Network Rail immediately accepted the blame for the derailment, which happened at 20.12 hours as the train was heading north from London Euston to Glasgow Central on 23 February.

The train careered down an embankment and sparked a huge rescue and train recovery operation.

Speaking at a press briefing when the Network Rail report was published on 4 September, Iain Coucher, chief executive of Network Rail renewed the apology of the company:

He said: "We said at the start of the investigation into this derailment that we would leave no stone unturned to find out exactly why this happened.

"We are devastated that this happened on our watch. We said we would be open and transparent in our findings however uncomfortable that would be.

"The report makes for sombre reading. There are lessons to be learnt and we are determined to change things as quickly as we can."

Since the accident 14 recommendations have been acted upon by Network Rail to change the roles and responsibilities of the maintenance organisation and tighten up training and skill levels and to change the way in which repairs are carried out to points.

In addition 19 specific action plans have been launched to prevent such an accident happening again.

Immediately following the derailment 1,437 sets on points - all high speed, fixed stretcher bar systems - were checked and nothing untoward was found.

A further check of 120 sets of fixed stretcher bar points with similar characteristics to those at Lambrigg was made and apart from a few minor adjustments no similar conditions were found.

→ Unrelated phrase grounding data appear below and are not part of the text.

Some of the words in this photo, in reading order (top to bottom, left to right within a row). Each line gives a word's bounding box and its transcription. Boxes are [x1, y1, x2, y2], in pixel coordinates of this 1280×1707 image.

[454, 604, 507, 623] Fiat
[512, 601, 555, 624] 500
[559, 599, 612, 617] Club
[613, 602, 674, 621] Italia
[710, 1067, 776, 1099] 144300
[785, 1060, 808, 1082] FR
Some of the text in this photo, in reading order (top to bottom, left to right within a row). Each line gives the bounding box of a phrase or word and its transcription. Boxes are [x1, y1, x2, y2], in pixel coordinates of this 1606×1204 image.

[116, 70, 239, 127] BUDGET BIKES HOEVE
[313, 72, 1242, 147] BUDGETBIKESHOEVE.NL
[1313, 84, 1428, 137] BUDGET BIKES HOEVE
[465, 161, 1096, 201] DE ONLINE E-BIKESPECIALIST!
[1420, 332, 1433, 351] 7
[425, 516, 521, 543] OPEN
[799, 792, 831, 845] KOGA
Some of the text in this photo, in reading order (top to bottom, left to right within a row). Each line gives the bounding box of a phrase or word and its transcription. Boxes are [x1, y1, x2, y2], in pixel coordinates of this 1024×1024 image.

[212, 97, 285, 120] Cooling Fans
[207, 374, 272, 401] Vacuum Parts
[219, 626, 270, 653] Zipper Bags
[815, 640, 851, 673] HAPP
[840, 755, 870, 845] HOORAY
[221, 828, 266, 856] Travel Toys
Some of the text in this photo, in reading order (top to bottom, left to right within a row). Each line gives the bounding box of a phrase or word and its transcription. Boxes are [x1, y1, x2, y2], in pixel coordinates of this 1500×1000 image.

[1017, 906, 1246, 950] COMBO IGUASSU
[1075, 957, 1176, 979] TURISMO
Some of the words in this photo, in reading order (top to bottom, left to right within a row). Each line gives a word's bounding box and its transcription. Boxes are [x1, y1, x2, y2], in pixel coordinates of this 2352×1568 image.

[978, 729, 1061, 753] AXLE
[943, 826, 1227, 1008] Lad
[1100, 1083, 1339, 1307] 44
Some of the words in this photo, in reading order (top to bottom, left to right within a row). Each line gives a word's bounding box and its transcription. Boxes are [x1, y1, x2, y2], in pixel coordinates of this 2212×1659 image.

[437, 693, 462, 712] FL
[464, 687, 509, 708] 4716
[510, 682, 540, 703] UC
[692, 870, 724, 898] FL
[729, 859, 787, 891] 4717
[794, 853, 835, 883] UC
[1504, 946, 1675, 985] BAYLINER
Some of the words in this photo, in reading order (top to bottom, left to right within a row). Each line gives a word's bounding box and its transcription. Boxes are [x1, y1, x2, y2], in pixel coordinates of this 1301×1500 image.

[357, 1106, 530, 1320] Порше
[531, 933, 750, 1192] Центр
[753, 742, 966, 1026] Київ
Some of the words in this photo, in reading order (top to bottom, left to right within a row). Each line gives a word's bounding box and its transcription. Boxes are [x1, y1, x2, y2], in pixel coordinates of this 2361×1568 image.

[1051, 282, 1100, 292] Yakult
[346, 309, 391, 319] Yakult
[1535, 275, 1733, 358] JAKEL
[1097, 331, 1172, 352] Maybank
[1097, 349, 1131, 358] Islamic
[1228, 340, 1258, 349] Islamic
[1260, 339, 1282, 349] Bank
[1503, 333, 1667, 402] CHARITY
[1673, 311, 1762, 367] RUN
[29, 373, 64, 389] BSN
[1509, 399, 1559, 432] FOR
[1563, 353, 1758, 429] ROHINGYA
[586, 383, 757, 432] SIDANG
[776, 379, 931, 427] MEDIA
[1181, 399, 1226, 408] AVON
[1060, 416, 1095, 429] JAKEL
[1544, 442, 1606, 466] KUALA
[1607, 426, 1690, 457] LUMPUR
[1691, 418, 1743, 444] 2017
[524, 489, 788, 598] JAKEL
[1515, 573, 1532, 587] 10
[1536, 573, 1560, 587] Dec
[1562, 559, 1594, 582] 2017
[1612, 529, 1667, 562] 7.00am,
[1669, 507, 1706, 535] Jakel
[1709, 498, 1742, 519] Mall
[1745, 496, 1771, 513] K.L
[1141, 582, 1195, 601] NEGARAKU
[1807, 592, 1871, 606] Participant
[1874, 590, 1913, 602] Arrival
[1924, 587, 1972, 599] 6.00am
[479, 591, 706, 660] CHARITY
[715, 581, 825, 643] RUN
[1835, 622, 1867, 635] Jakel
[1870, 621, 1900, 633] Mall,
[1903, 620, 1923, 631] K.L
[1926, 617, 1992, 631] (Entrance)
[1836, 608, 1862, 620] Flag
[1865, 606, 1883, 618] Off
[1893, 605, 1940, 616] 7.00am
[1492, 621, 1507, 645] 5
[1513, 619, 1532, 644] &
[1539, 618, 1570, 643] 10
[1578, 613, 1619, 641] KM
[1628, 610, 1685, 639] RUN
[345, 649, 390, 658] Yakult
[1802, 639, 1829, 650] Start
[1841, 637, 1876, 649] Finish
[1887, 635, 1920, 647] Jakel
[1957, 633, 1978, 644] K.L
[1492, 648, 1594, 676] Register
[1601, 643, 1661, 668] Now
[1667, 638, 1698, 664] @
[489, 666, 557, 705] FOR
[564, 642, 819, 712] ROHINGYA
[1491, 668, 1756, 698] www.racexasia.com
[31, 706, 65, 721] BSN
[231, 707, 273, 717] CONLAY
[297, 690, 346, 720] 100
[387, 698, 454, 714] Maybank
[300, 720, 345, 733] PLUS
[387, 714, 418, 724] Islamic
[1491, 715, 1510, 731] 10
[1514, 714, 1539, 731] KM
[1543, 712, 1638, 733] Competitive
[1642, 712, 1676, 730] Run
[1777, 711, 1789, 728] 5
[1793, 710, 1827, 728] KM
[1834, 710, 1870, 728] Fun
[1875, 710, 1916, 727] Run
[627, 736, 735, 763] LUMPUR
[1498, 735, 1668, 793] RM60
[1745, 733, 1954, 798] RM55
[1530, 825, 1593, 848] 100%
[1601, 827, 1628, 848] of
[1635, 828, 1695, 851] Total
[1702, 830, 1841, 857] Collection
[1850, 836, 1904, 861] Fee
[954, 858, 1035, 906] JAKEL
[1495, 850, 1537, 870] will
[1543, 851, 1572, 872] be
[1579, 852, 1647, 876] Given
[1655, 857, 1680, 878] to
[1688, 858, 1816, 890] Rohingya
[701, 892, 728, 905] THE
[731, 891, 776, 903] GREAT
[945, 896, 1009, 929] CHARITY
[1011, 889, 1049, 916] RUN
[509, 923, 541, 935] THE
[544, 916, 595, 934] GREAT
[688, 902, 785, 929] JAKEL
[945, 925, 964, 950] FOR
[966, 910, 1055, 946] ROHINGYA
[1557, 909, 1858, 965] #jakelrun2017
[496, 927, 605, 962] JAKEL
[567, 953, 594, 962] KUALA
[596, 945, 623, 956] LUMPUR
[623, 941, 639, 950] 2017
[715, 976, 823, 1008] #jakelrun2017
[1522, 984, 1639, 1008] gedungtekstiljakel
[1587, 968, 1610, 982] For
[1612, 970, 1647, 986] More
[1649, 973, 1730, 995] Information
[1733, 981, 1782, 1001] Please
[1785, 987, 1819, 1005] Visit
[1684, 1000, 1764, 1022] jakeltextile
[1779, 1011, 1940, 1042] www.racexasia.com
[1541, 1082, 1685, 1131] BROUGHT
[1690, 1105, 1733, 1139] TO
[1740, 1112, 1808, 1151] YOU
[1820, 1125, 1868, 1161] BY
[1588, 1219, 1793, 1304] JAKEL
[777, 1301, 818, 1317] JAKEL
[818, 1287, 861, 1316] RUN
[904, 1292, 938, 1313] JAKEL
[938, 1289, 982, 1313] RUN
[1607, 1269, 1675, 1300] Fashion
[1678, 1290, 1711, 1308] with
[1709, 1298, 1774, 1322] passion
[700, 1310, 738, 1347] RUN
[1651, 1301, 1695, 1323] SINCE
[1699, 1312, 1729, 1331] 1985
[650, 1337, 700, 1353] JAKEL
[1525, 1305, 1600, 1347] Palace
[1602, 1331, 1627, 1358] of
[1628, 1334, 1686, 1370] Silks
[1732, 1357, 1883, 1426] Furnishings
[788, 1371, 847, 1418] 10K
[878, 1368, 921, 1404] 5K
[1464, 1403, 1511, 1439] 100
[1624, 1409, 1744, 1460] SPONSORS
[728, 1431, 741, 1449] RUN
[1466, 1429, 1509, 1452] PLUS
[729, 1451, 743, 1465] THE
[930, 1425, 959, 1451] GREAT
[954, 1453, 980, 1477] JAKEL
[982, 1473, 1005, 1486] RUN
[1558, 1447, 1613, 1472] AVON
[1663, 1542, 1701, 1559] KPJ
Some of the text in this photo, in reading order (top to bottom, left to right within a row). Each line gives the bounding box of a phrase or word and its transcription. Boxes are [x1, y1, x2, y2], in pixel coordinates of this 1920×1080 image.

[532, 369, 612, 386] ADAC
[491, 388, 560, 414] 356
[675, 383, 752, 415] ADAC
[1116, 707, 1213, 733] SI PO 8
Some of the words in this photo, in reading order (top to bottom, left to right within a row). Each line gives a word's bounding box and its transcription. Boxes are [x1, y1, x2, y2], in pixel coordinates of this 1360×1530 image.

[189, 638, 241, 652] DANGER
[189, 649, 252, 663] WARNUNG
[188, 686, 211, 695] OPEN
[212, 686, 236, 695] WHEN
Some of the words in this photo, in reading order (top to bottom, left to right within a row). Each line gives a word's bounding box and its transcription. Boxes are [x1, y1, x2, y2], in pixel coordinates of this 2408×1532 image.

However, all of those 120 points are having their stretcher bars replaced with new ones, using a new nut and bolt assembly.

Specialist 'points squads' are being created within Network Rail's maintenance function.

A maintenance leadership conference has been held involving hundreds of managers and supervisors has been held.

Routine 13 week checks on all 14,000 points have been completed.

The Lambrigg points have now been removed and will not be replaced.

British Transport Police, the Rail Accident Investigation Branch and the Health and Safety Executive, now part of the Office of Rail Regulation, are continuing their investigations.

In a section entitled 'underlying causes' the report says:

"Deficiencies in the asset inspection and maintenance regime employed on Lancs and Cumbria maintenance area resulted in the deterioration of 2B points not being identified. These deficiencies included:

A breakdown in the local management/supervisory structure that leads, monitors and regulates asset inspection and maintenance activities.

A systematic failure in the track patrolling regime employed on the local area.

The issue and subsequent briefing of mandated standards not being carried out in a robust and auditable manner.

A lack of sample verification to test the quality and arrangements for inspection undertaken.

Later the report, written after reviewing 7,000 documents and interviewing 30 people, and a technical analysis of the damaged points, says that there was discord between the local management team and the area line management particularly around issues such as track access and training.

This created a disrespectful environment and reinforced the 'them and us' mentality.

Patrols of the track had been carried out by people whose certification had lapsed and although the situation was reported to local management, it was not corrected.

This has led to a lowering of the importance associated with patrolling activity.

"This local environment created a culture of learned helplessness which affected decisions and actions, resulting in a management style where breaches were left unchecked and observance was unrewarded."

The report added: "Patrolling without lookouts formed part of the behavioural culture. The unauthorised splitting of the patrolling by using the lookout to patrol part of the section of line was a routine violation and required the minimum time to achieve the task."

Later the report said no effective surveillance of patrollers was in place and no verification of paperwork was being undertaken. "The fact that the missed basic patrol mileage at Lambrigg on 18 February was not picked up by the local team is a further illustration of this fact."